In the entries below, find each line bearing the string "MOTO" and copy it.
(Extracted data begins)
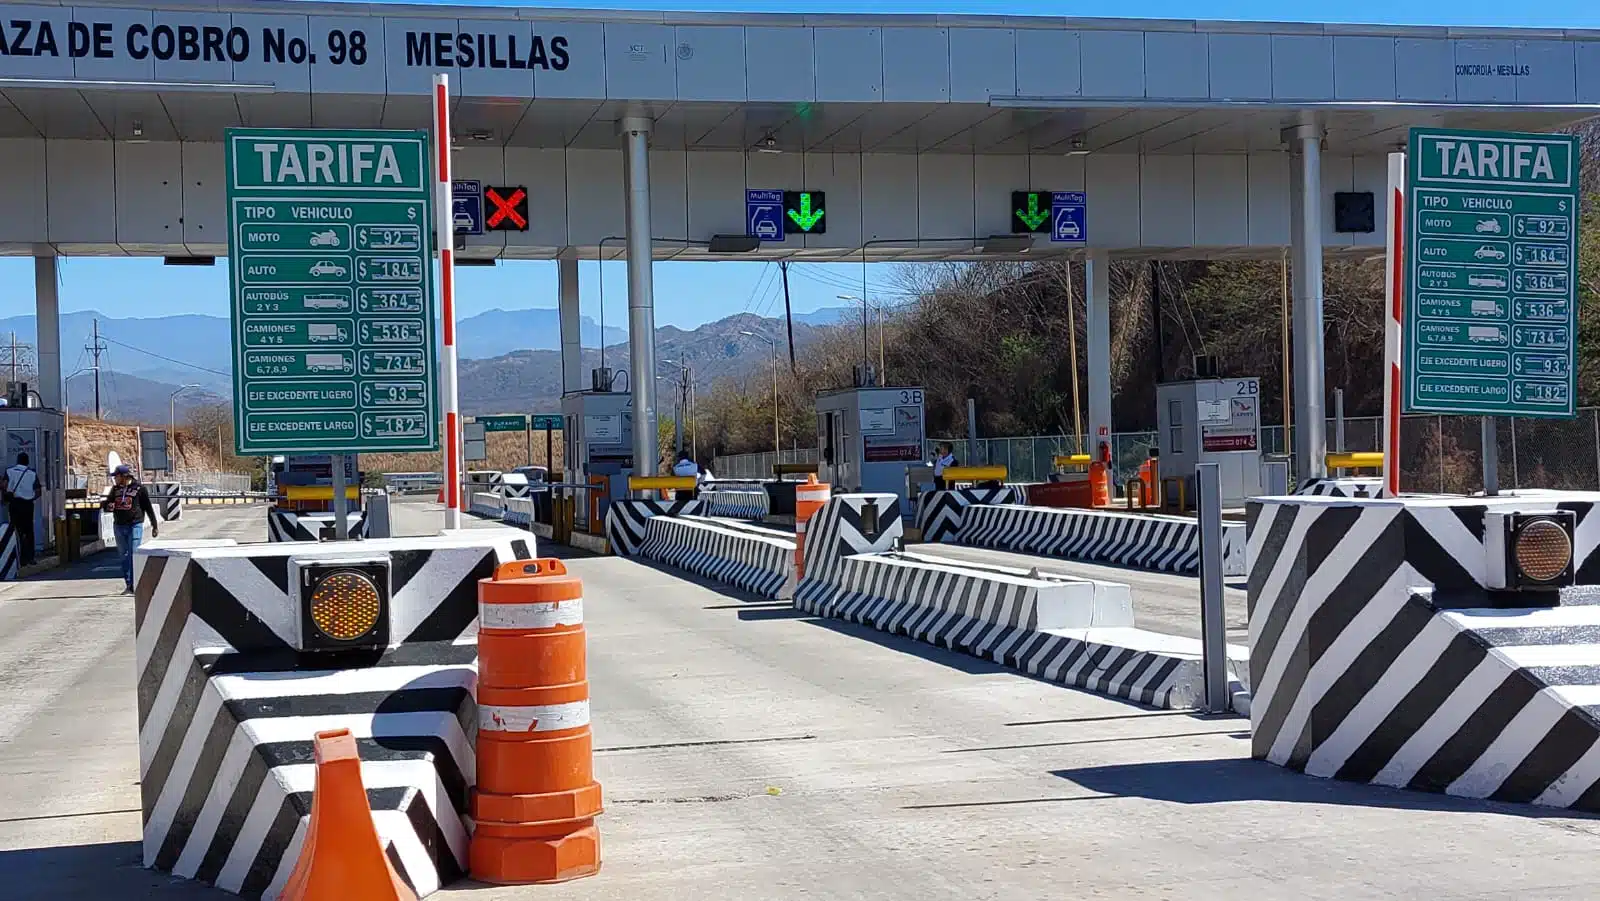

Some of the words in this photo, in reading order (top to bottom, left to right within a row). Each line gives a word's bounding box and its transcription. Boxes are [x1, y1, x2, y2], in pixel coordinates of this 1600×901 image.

[69, 23, 113, 58] DE
[126, 24, 249, 62] COBRO
[263, 28, 316, 64] No.
[328, 29, 367, 65] 98
[406, 31, 569, 71] MESILLAS
[254, 143, 403, 184] TARIFA
[1436, 141, 1554, 180] TARIFA
[750, 192, 780, 201] MultiTag
[1055, 194, 1083, 203] MultiTag
[1423, 196, 1448, 207] TIPO
[1462, 197, 1513, 210] VEHICULO
[1558, 200, 1567, 212] $
[244, 206, 276, 219] TIPO
[291, 207, 353, 219] VEHICULO
[407, 207, 416, 220] $
[1425, 219, 1452, 228] MOTO
[1517, 219, 1525, 234] $
[1538, 220, 1555, 234] 92
[248, 232, 280, 243] MOTO
[359, 229, 368, 246] $
[383, 231, 402, 245] 92
[1423, 247, 1448, 256] AUTO
[1516, 247, 1523, 262] $
[1532, 250, 1556, 263] 184
[247, 265, 277, 275] AUTO
[359, 262, 367, 278] $
[382, 263, 410, 277] 184
[1436, 280, 1443, 288] Y
[1443, 280, 1449, 288] 3
[1515, 276, 1523, 290] $
[1530, 276, 1555, 289] 364
[257, 303, 263, 311] 2
[265, 303, 271, 311] Y
[273, 303, 279, 311] 3
[360, 293, 369, 309] $
[379, 295, 408, 307] 364
[1420, 299, 1461, 307] CAMIONES
[1515, 302, 1522, 317] $
[1530, 303, 1554, 318] 536
[246, 324, 296, 334] CAMIONES
[361, 323, 369, 340] $
[382, 325, 409, 340] 536
[1420, 325, 1460, 334] CAMIONES
[1516, 329, 1523, 345] $
[1531, 331, 1556, 345] 734
[260, 336, 267, 344] 4
[269, 336, 275, 344] Y
[277, 336, 283, 344] 5
[248, 354, 296, 364] CAMIONES
[362, 354, 370, 371] $
[385, 356, 412, 370] 734
[256, 366, 288, 375] 6,7,8,9
[1420, 357, 1433, 365] EJE
[1435, 358, 1478, 367] EXCEDENTE
[1480, 360, 1507, 368] LIGERO
[1515, 357, 1522, 373] $
[1544, 359, 1561, 374] 93
[249, 391, 264, 401] EJE
[267, 391, 318, 400] EXCEDENTE
[320, 390, 353, 400] LIGERO
[363, 386, 371, 403] $
[389, 387, 407, 401] 93
[1420, 384, 1433, 392] EJE
[1434, 384, 1479, 394] EXCEDENTE
[1481, 386, 1507, 395] LARGO
[1514, 385, 1522, 400] $
[1536, 386, 1560, 400] 182
[250, 422, 266, 432] EJE
[268, 421, 321, 431] EXCEDENTE
[323, 420, 354, 430] LARGO
[364, 417, 373, 434] $
[386, 419, 415, 432] 182
(Extracted data ends)
> **Result of this exercise**:
[1425, 219, 1452, 228] MOTO
[248, 232, 280, 243] MOTO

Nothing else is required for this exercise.